TriLyte

Generic Name: polyethylene glycol 3350, sodium chloride, sodium bicarbonate and potassium chloride
Dosage Form: powder for oral solution

TriLyte® with flavor packs

(PEG-3350, sodium chloride, sodium bicarbonate and potassium chloride for oral solution)

Rx Only

DESCRIPTION: TriLyte is a white powder for reconstitution containing 420 g polyethylene glycol 3350, 5.72 g sodium bicarbonate, 11.2 g sodium chloride, 1.48 g potassium chloride. Flavor packs, each containing 3.22 g of flavoring ingredients, are attached to the 4 liter bottle. See individual flavor packs for complete listing of ingredients. When dissolved in water to a volume of 4 liters, TriLyte with flavor packs (PEG-3350, sodium chloride, sodium bicarbonate and potassium chloride for oral solution) is an isosmotic solution, for oral administration, having a pleasant mineral water taste. One flavor pack can be added before reconstitution to flavor the solution. TriLyte with flavor packs is administered orally or via nasogastric tube as a gastrointestinal lavage. This preparation can be used without the addition of a flavor pack.
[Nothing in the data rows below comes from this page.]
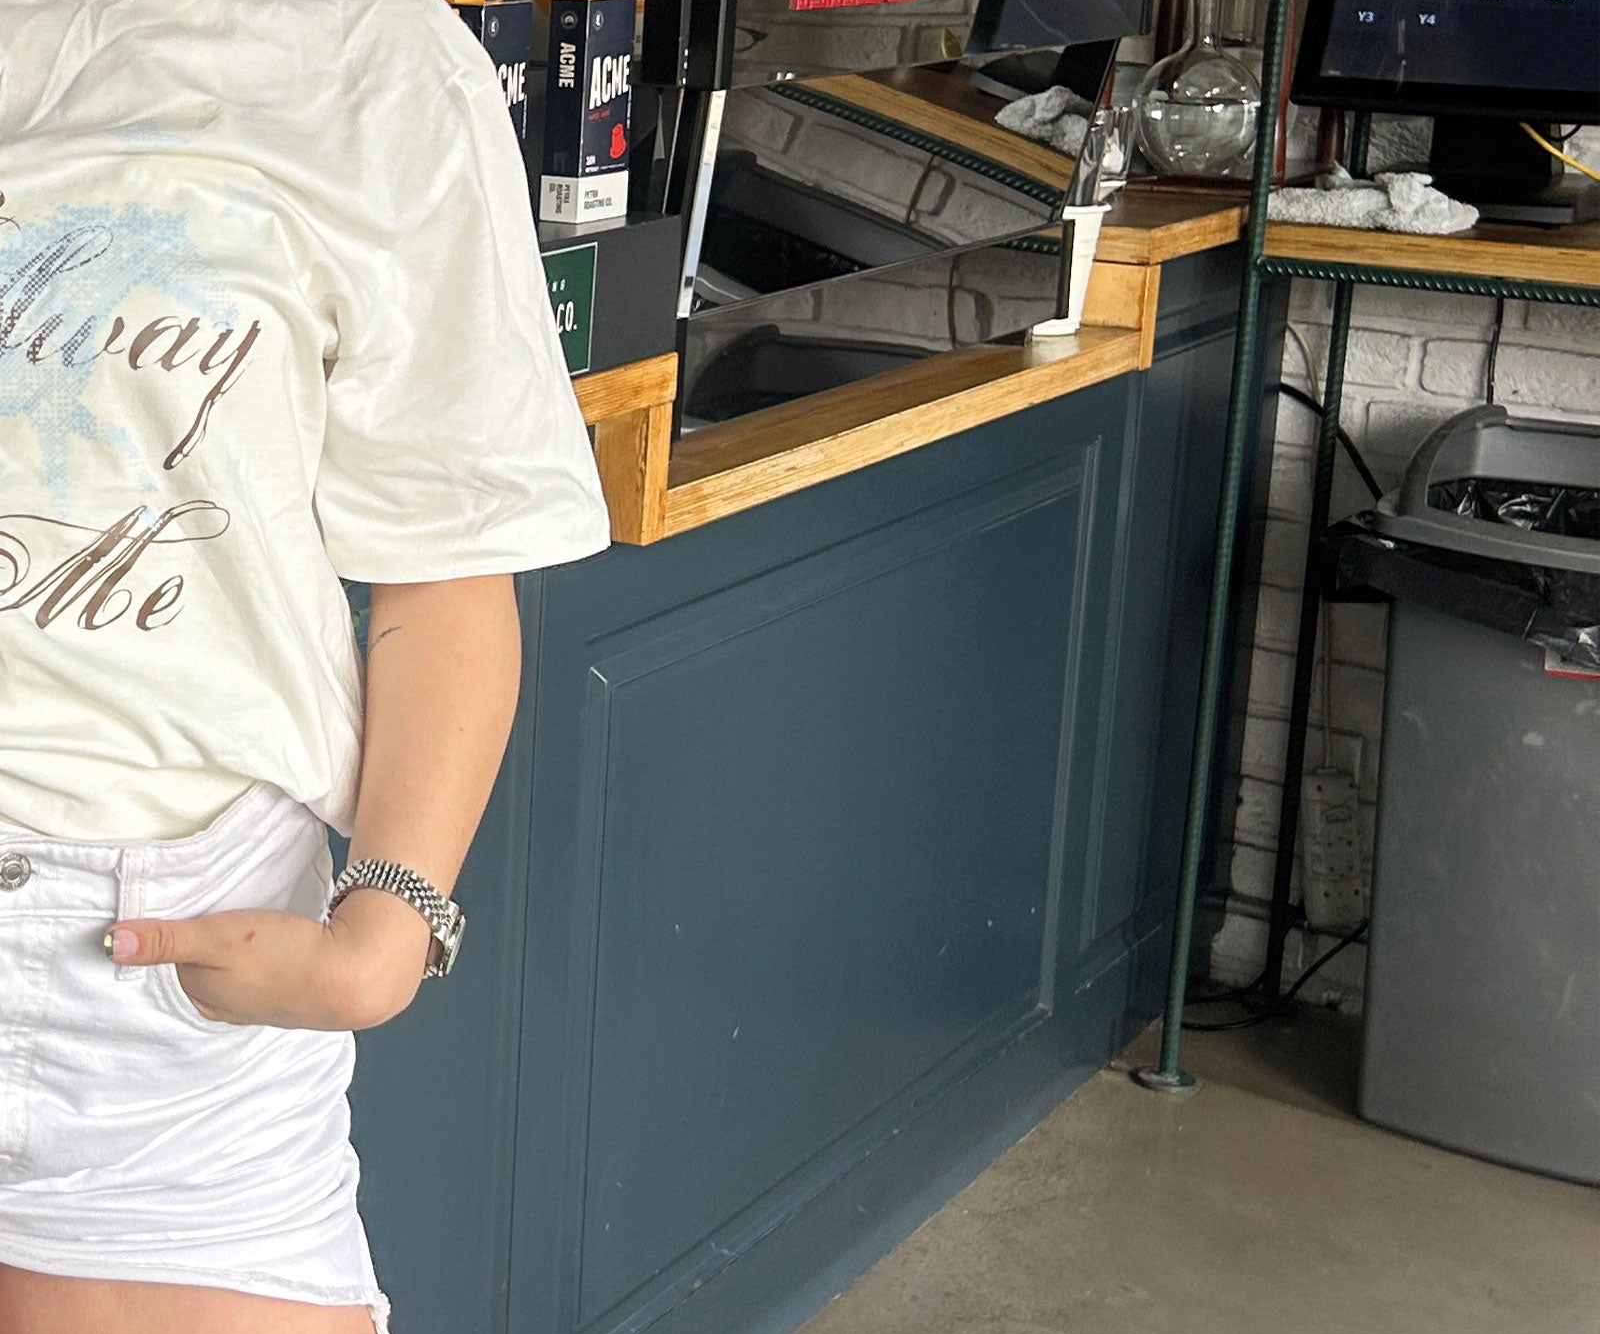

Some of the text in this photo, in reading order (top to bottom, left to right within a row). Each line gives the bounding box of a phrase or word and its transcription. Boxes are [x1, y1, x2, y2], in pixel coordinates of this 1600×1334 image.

[1358, 11, 1436, 25] Y3 Y4
[498, 62, 527, 107] CME
[559, 42, 576, 88] ACME
[589, 54, 631, 110] ACME
[556, 300, 578, 334] CO.
CLINICAL PHARMACOLOGY: TriLyte with flavor packs induces a diarrhea which rapidly cleanses the bowel, usually within four hours. The osmotic activity of polyethylene glycol 3350 and the electrolyte concentration result in virtually no net absorption or excretion of ions or water. Accordingly, large volumes may be administered without significant changes in fluid or electrolyte balance.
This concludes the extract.